(WHAT THE TASK ASKS): Return every line below in which "ZAPALTZEN" appears.

--- START ---

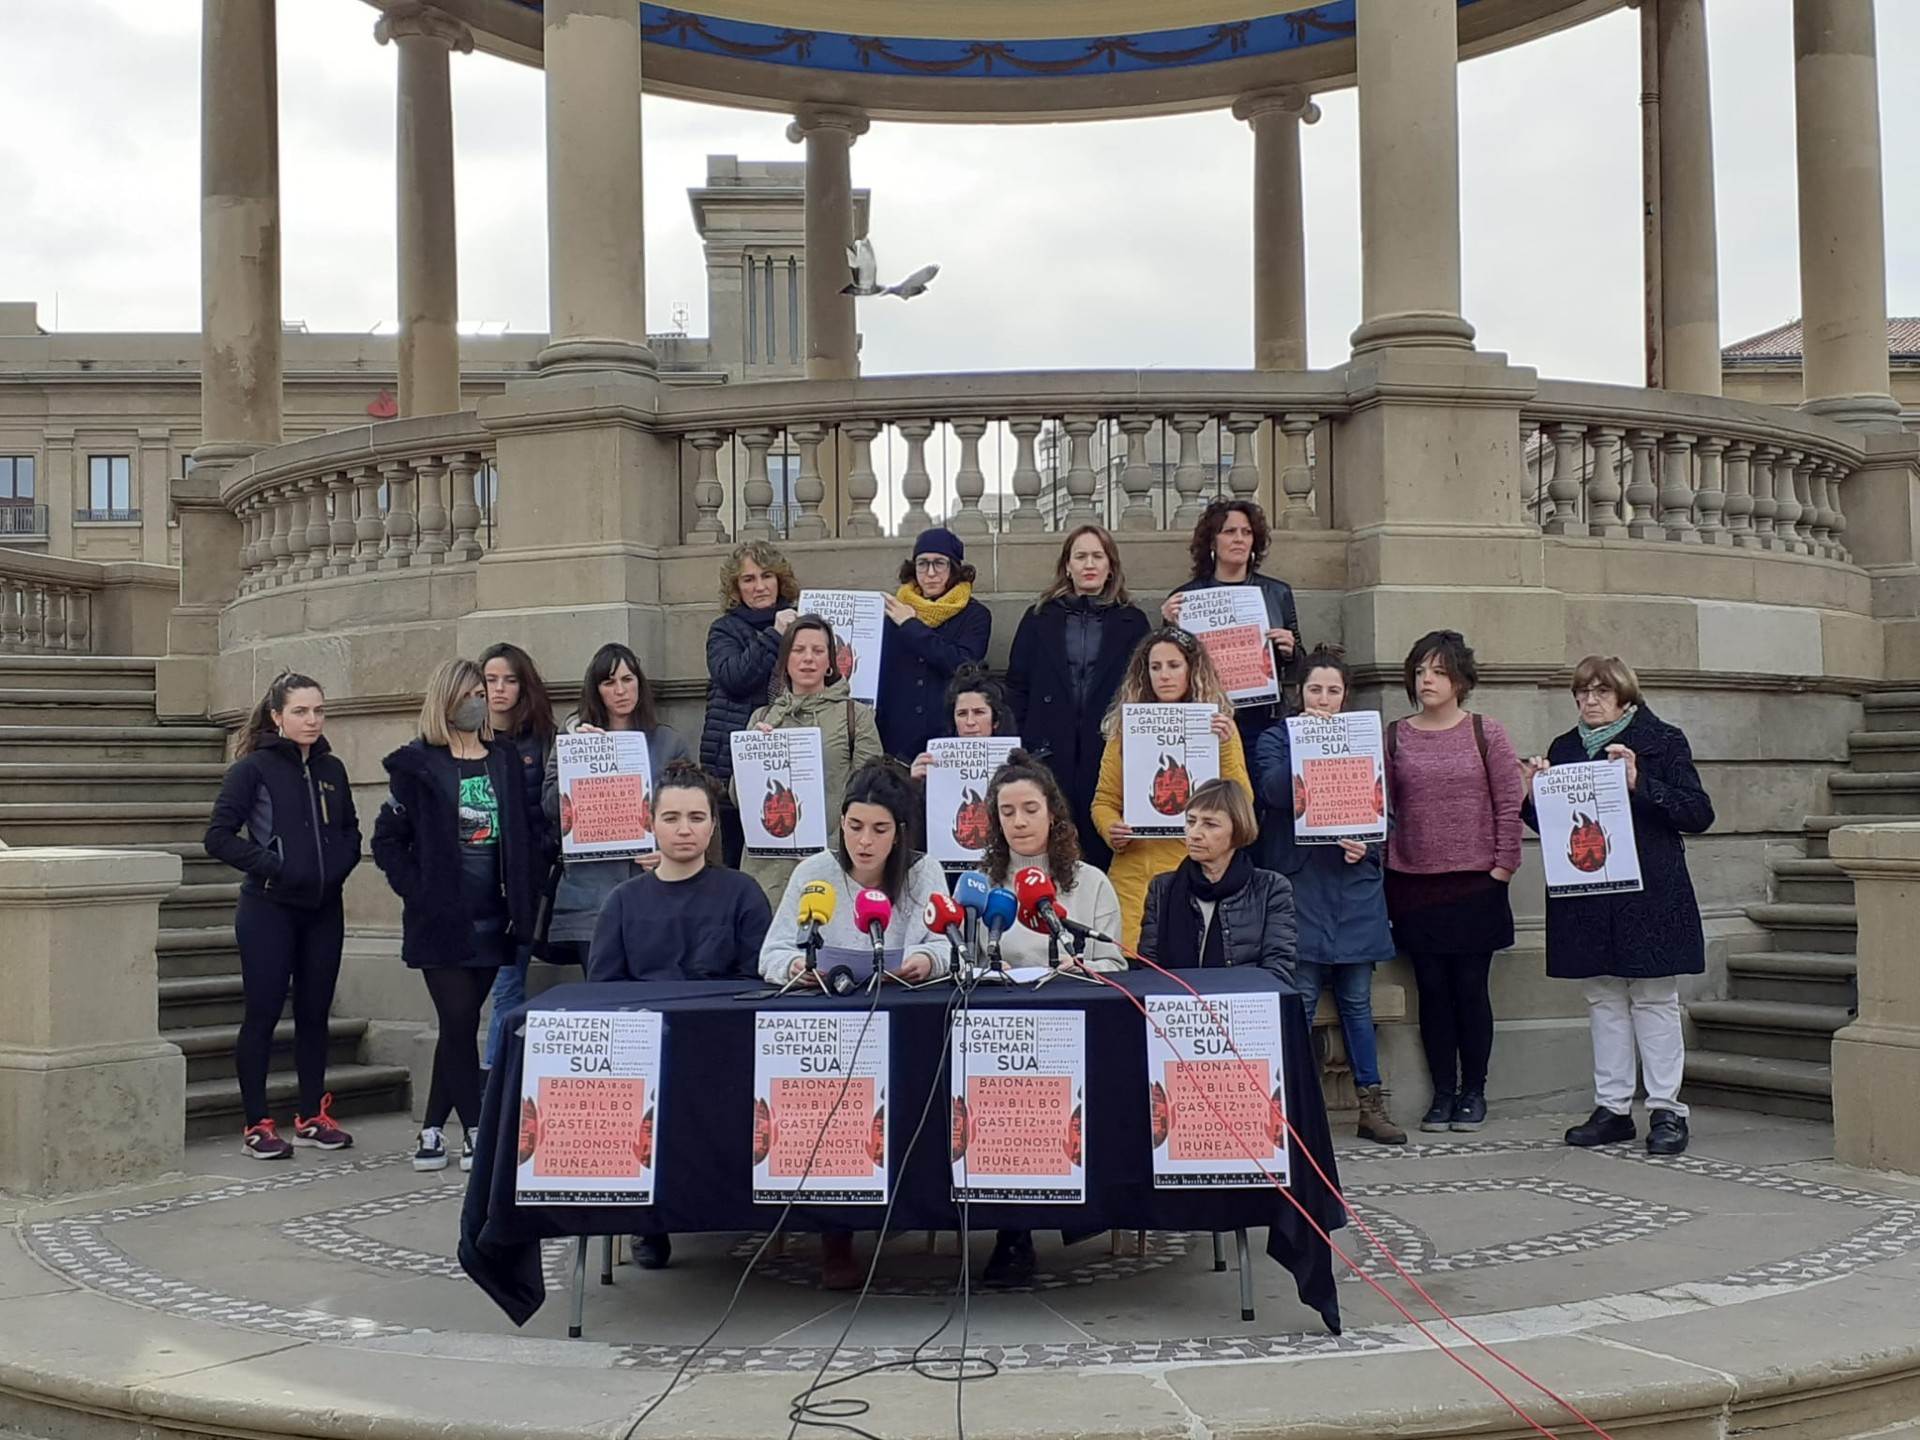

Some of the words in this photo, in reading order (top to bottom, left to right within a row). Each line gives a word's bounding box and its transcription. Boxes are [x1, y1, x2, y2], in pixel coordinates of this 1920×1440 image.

[1183, 591, 1230, 603] APALTZEN
[1189, 598, 1231, 611] GAITUEN
[1183, 606, 1232, 620] SISTEMARI
[828, 616, 854, 626] SUA
[1209, 615, 1237, 627] SUA
[1126, 707, 1183, 716] ZAPALTZEN
[1138, 717, 1183, 725] GAITUEN
[1130, 726, 1183, 734] SISTEMARI
[1302, 726, 1346, 734] GAITUEN
[558, 736, 613, 747] ZAPALTZEN
[1157, 735, 1186, 746] SUA
[1295, 734, 1346, 744] SISTEMARI
[570, 745, 614, 755] GAITUEN
[745, 742, 787, 751] GAITUEN
[930, 742, 986, 750] ZAPALTZEN
[1321, 744, 1350, 755] SUA
[562, 753, 615, 764] SISTEMARI
[738, 751, 787, 761] SISTEMARI
[941, 751, 986, 759] GAITUEN
[590, 763, 619, 774] SUA
[763, 760, 791, 771] SUA
[1311, 759, 1348, 767] BAIONA
[960, 769, 989, 779] SUA
[1332, 772, 1367, 780] BILBO
[1548, 774, 1591, 785] GAITUEN
[599, 790, 635, 798] BILBO
[1311, 786, 1351, 794] GASTEIZ
[1540, 783, 1592, 795] SISTEMARI
[1330, 798, 1371, 807] DONOSTI
[1567, 792, 1596, 804] SUA
[578, 803, 619, 812] GASTEIZ
[967, 878, 986, 892] tve
[1148, 1001, 1229, 1013] ZAPALTZEN
[529, 1017, 609, 1029] ZAPALTZEN
[758, 1018, 837, 1029] ZAPALTZEN
[955, 1016, 1034, 1027] ZAPALTZEN
[1166, 1013, 1230, 1025] GAITUEN
[545, 1031, 609, 1042] GAITUEN
[774, 1032, 837, 1042] GAITUEN
[971, 1030, 1034, 1041] GAITUEN
[1154, 1026, 1230, 1038] SISTEMARI
[532, 1043, 608, 1054] SISTEMARI
[762, 1044, 836, 1055] SISTEMARI
[959, 1042, 1034, 1053] SISTEMARI
[1194, 1039, 1237, 1055] SUA
[570, 1057, 612, 1072] SUA
[800, 1057, 841, 1072] SUA
[997, 1055, 1039, 1071] SUA
[1177, 1062, 1231, 1072] BAIONA
[551, 1080, 605, 1089] BAIONA
[782, 1080, 836, 1090] BAIONA
[980, 1078, 1033, 1088] BAIONA
[1208, 1082, 1259, 1092] BILBO
[579, 1101, 632, 1111] BILBO
[812, 1100, 863, 1110] BILBO
[1009, 1099, 1060, 1109] BILBO
[1177, 1102, 1236, 1112] GASTEIZ
[546, 1119, 607, 1130] GASTEIZ
[978, 1117, 1036, 1127] GASTEIZ
[573, 1140, 632, 1149] DONOSTI
[806, 1139, 864, 1148] DONOSTI
[1004, 1138, 1062, 1147] DONOSTI
[1179, 1138, 1232, 1151] IRUÑEA
[544, 1156, 598, 1168] IRUÑEA
[977, 1154, 1030, 1166] IRUÑEA

--- END ---

(EXERCISE OUTPUT):
[1126, 707, 1183, 716] ZAPALTZEN
[558, 736, 613, 747] ZAPALTZEN
[930, 742, 986, 750] ZAPALTZEN
[1148, 1001, 1229, 1013] ZAPALTZEN
[529, 1017, 609, 1029] ZAPALTZEN
[758, 1018, 837, 1029] ZAPALTZEN
[955, 1016, 1034, 1027] ZAPALTZEN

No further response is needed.